In going through this exercise, a few things have been brought to my attention. First of all, filters are not totally transparent. If you apply my color correction filter, you’ll see slight changes in the videoscopes even when each tab is at its default. This doesn’t really matter since you are applying a correction anyway; but if it annoys you, then simply uncheck the item you aren’t using, like brightness or contrast.

df2615_fcpxfilterupdate_3Secondly, the exact same filter in FCP X may or may not use the same color science as the Motion version, even though they are called the same thing. Specifically this is the case with the Hue/Saturation filter. My template uses the one from Motion, of course. The FCP X Hue/Sat filter uses a color model in which saturation is held constant and luma (a composite of RGB) varies. The Motion version holds luma constant and allows saturation to vary.

The quickest way to test this is with a solid red generator. Apply the FCP X Hue/Sat filter and rotate the hue control. Set the scopes to display an RGB parade, vectorscope, and the waveform set to luma. As you rotate the hue around the dial, you’ll notice that the color dot stays neatly in the boxes of the vectorscope and moves in a straight, diagonal line from vector to vector. The RGB parade will show a perfect combination of red, blue, and green values to achieve the correct RMBCGY coordinates. However, the waveform luma levels will move up and down with large changes.

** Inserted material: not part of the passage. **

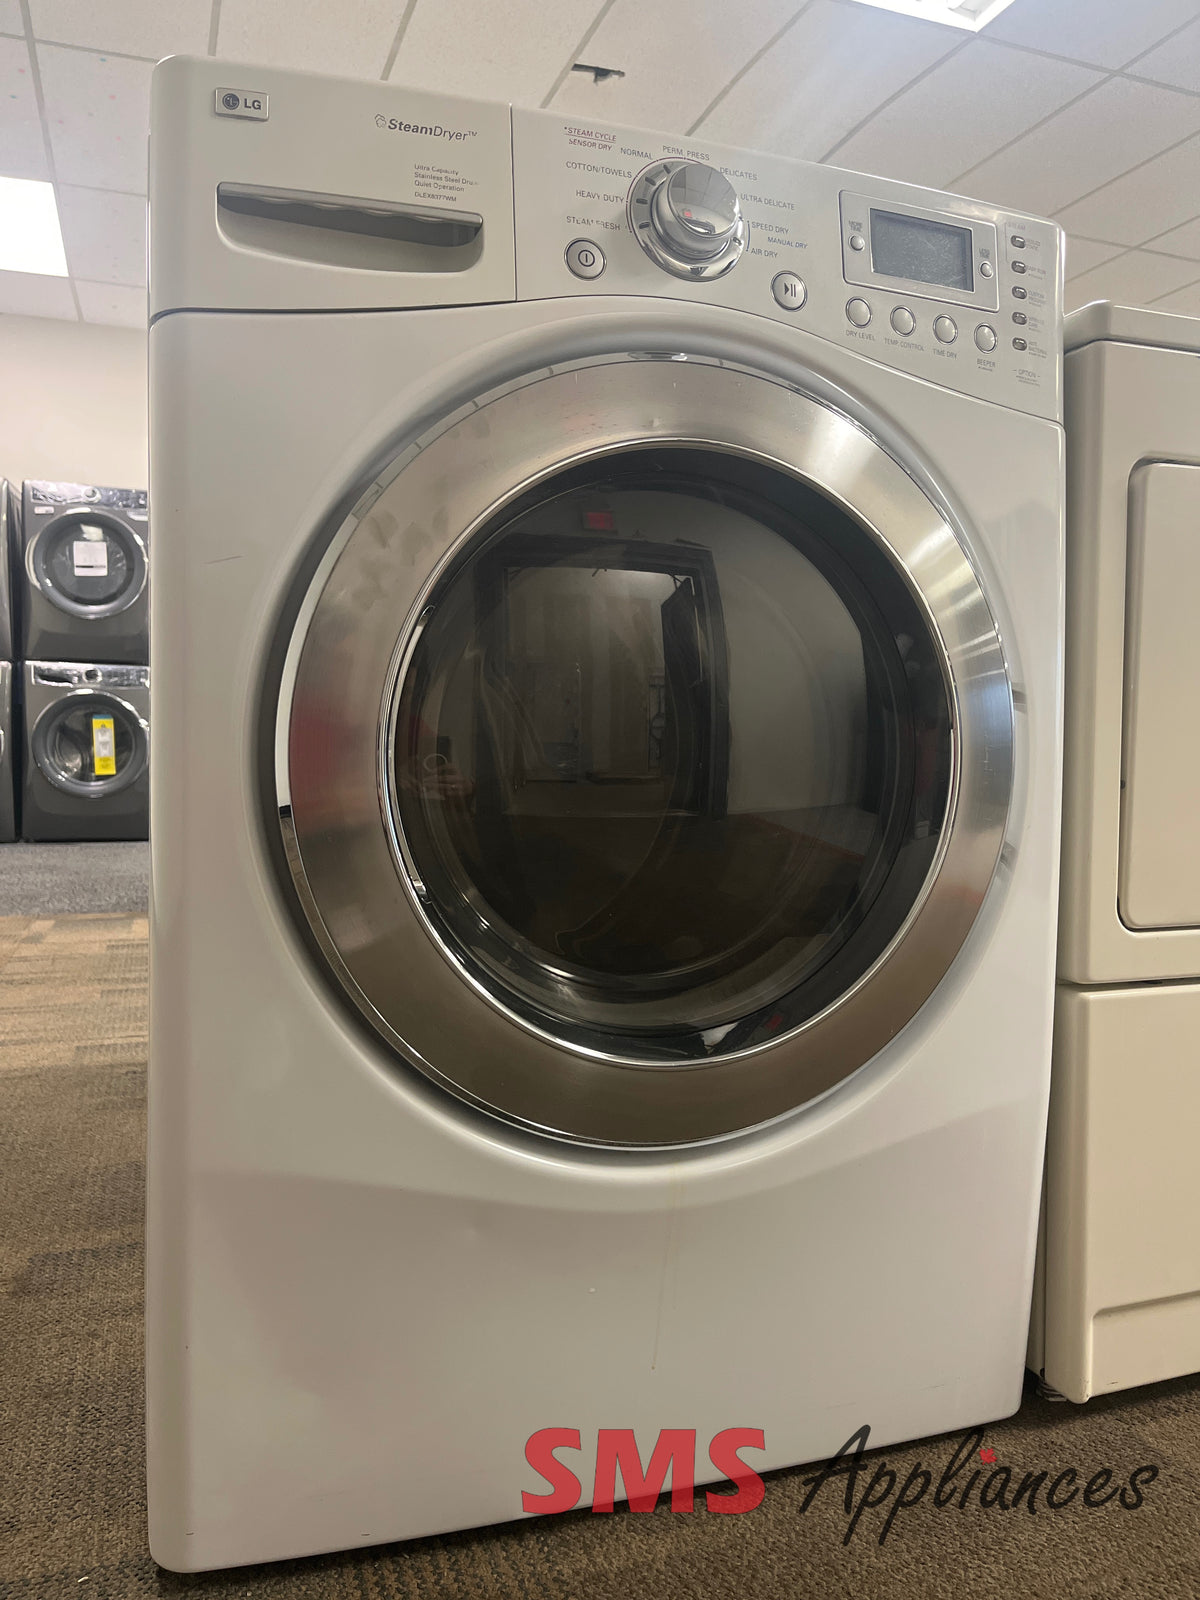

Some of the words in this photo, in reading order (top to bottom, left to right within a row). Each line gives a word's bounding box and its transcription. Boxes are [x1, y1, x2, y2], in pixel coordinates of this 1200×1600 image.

Now compare this to the hue control in the Hue/Sat filter included in my template. This is from Motion. As you rotate the hue control around the dial, the saturation value moves in what seems to be an erratic fashion around the vectorscope; but, the luma display changes very little. If you apply this same test to real footage, instead of a generated background color, you’ll get perceptually better results with Motion’s Hue/Sat filter than with the FCP X version. In most cases, either approach is acceptable, since for the purposes of color correction, you will likely only move the dial a few degrees left or right from the default of zero. Hue changes in color grading should be very subtle.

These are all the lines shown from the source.